H3-6 Corrosion Resistance of Thermal Sprayed Al and Al-SiC Coatings on Magnesium Alloys
M. Campo, M.D. López, B. Torres, P. Rodrigo, C.J. Múnez, J. Rams, E. Otero (Rey Juan Carlos University, Spain)
Magnesium and its alloys are susceptible to galvanic corrosion, which can cause severe pitting in the metal. One of the most effective ways to prevent corrosion is to coat the material base. Coatings can protect a substrate by interposing a barrier between the metal and the aggressive medium. The thermal spray technology offers a wide range of possibilities to modify the surface properties of magnesium alloys as a coating of other material can be deposited on top of them.
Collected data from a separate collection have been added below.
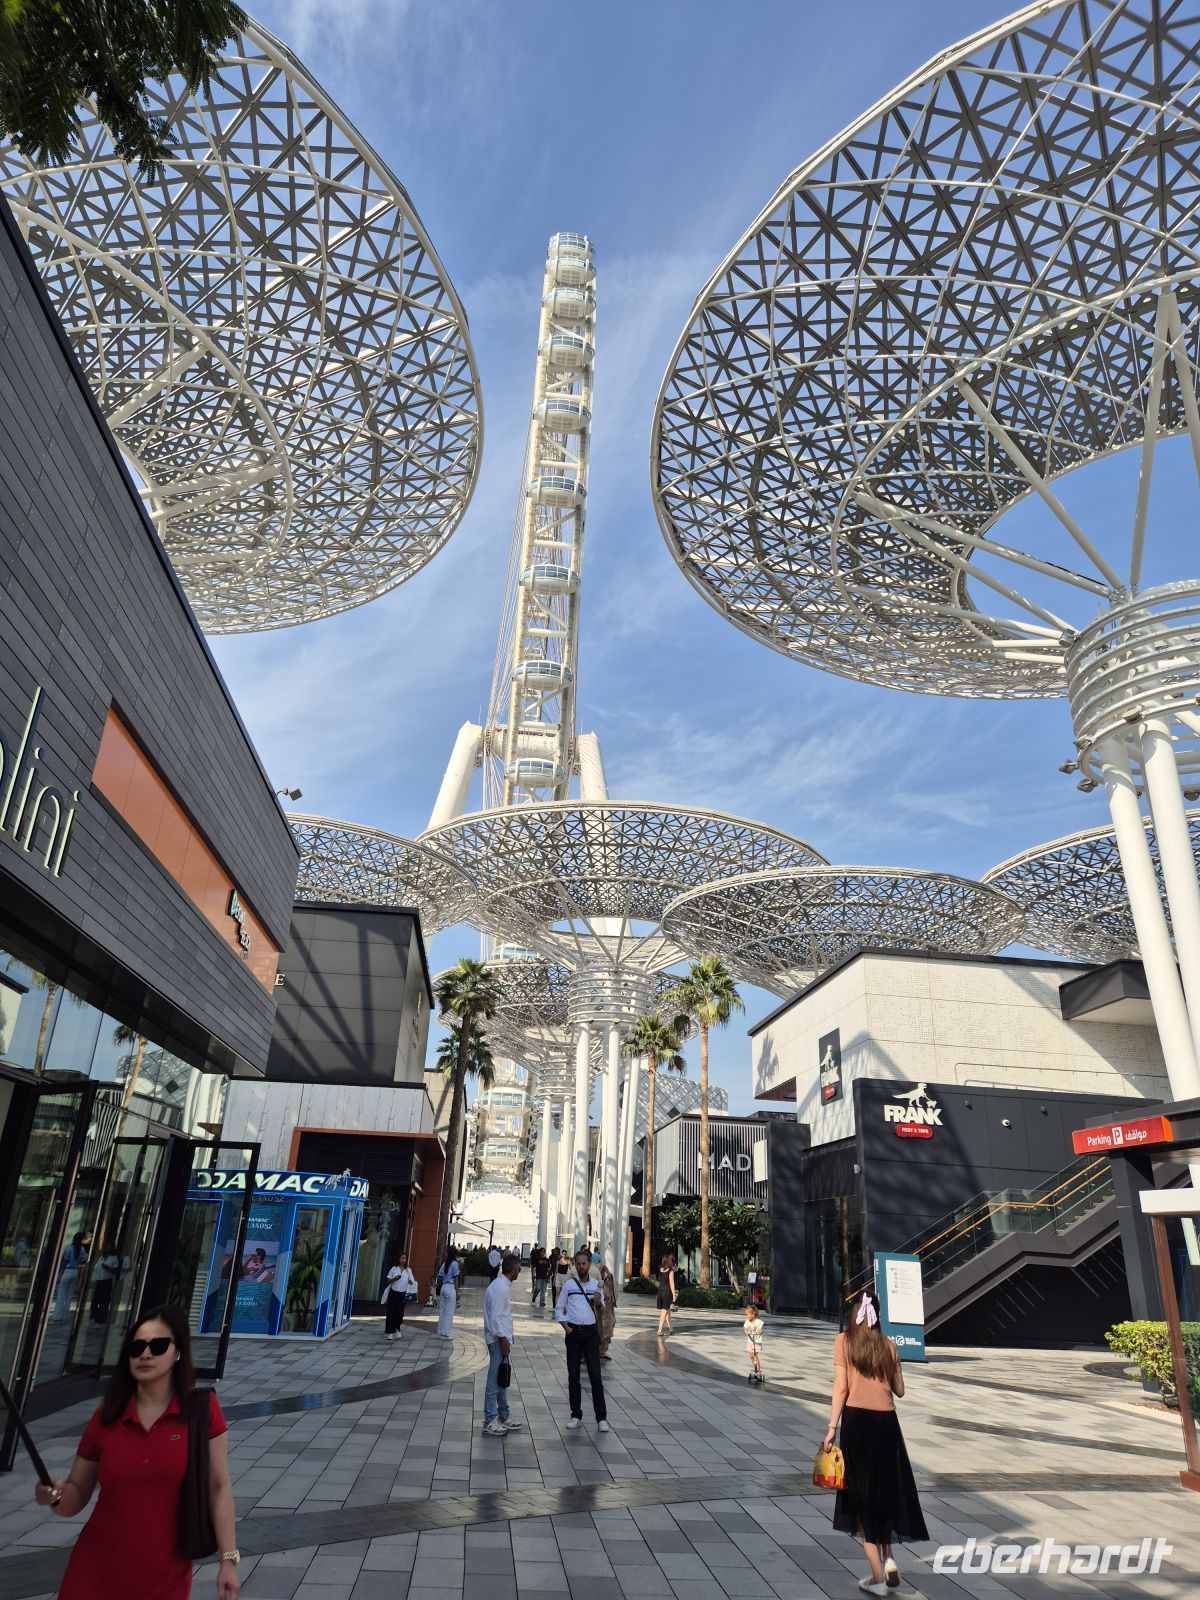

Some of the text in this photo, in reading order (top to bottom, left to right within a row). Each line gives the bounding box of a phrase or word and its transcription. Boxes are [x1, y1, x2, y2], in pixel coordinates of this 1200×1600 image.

[0, 686, 81, 877] lini
[883, 1104, 943, 1126] FRANK
[1087, 1135, 1112, 1147] Parking
[1125, 1129, 1147, 1141] مواقف
[696, 1151, 752, 1172] MAD
[349, 1180, 370, 1199] DA
Mg and Mg alloys were coated using the thermal spraying process. The coating deposition was carried out by flame spraying to deposit aluminium and aluminium reinforced with SiC particles. The objective of this study is to evaluate the corrosion resistance of uncoated and coated magnesium alloys in simulated marine atmospheres with chlorides (Cl-). Resistance to corrosion in 3.5 wt % NaCl solutions at room temperature was determined by using different methods. Anodic polarization measurements were carried out to study the passive behaviour of the uncoated and coated materials. The kinetic laws governing the corrosion evolution for each system were analyzed using direct current electrochemical methods and gravimetric measurements. Finally, the nature of the corrosion products was analysed by Scanning electron microscopy, Energy Dispersive X-Ray Microanalysis and X- ray diffraction after corrosion test in chloride solutions. We have observed that the presence of either aluminium or SiC reinforced aluminium coatings improve significantly the corrosion resistance of magnesium and magnesium alloys.
H3-7 Microelectromechanical Systems (MEMS) Electrothermal Actuator with Out-of-Plane Motion
E.S. Kolesar, T. Htun, J.S. Tippey, B.L. Least (Texas Christian University)
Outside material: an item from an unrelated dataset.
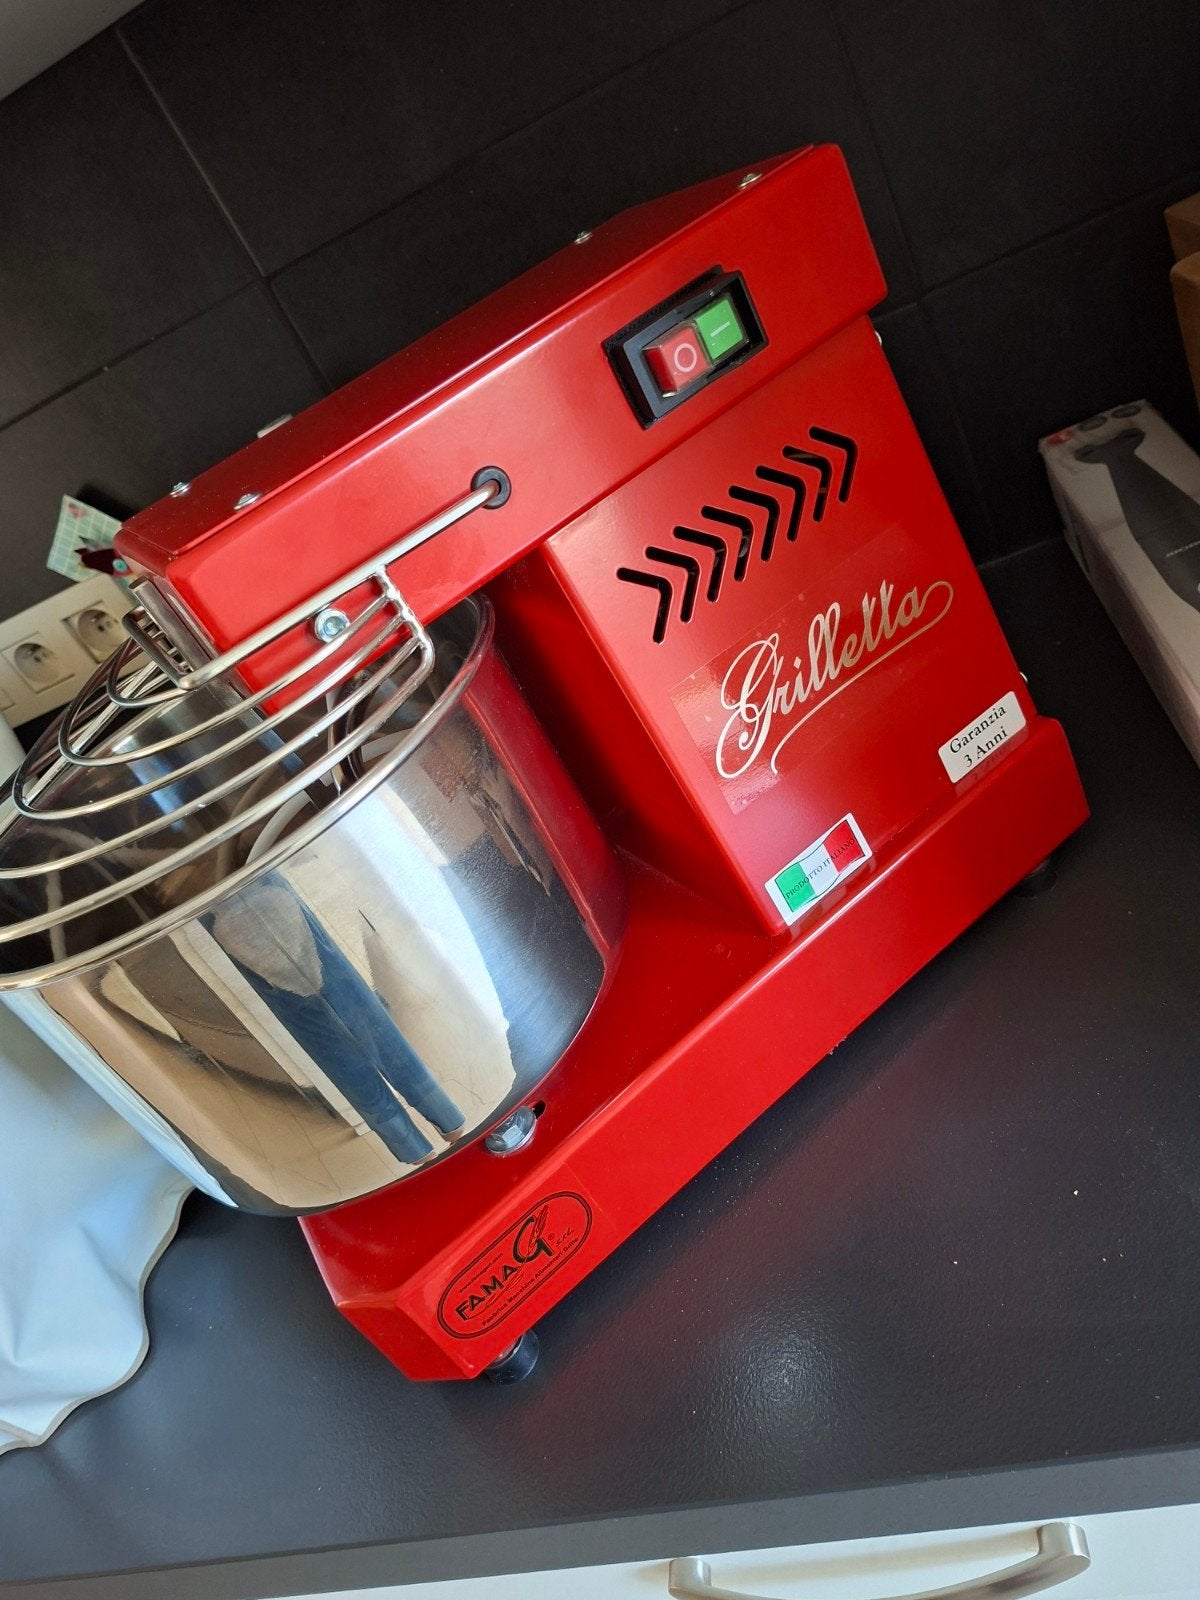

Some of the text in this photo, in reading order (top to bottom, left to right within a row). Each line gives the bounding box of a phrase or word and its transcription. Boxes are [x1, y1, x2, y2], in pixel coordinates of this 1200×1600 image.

[715, 579, 954, 779] Grilletta
[949, 705, 1007, 754] Garanzia
[963, 725, 1009, 768] 3 Anni
[785, 838, 856, 899] PRODOTTO ITALIANO
The design, finite-element analysis (FEA) modeling, and experimental characterization of a novel microelectromechanical systems (MEMS) device, known as the out-of-plane electrothermal actuator (VLEA), is presented. This MEMS actuator can function as an assembly tool to initially elevate and position various panels and components that are often required to assemble complex 3-D MEMS technologies. The MEMS actuator investigated in this research can produce incremental out-of-plane deflections greater than 10 µm. These actuators were designed with the MEMSPro CAD program, and they were fabricated using the Polysilicon Multi-User Microelectromechanical Systems Process (PolyMUMPs) foundry operated by the MEMSCAP Corporation. The finite-element analysis (FEA) modeling was accomplished with the IntelliSuite program. An optical fiber interferometer was used to measure the actuator's out-of-plane deflection. The FEA computations and the experimental results were found to agree extremely well. A relative measure of the reliability of this MEMS actuator can be appreciated from the fact that it has been operated in its elastic regime for more than 10 million cycles, and no failures have been observed.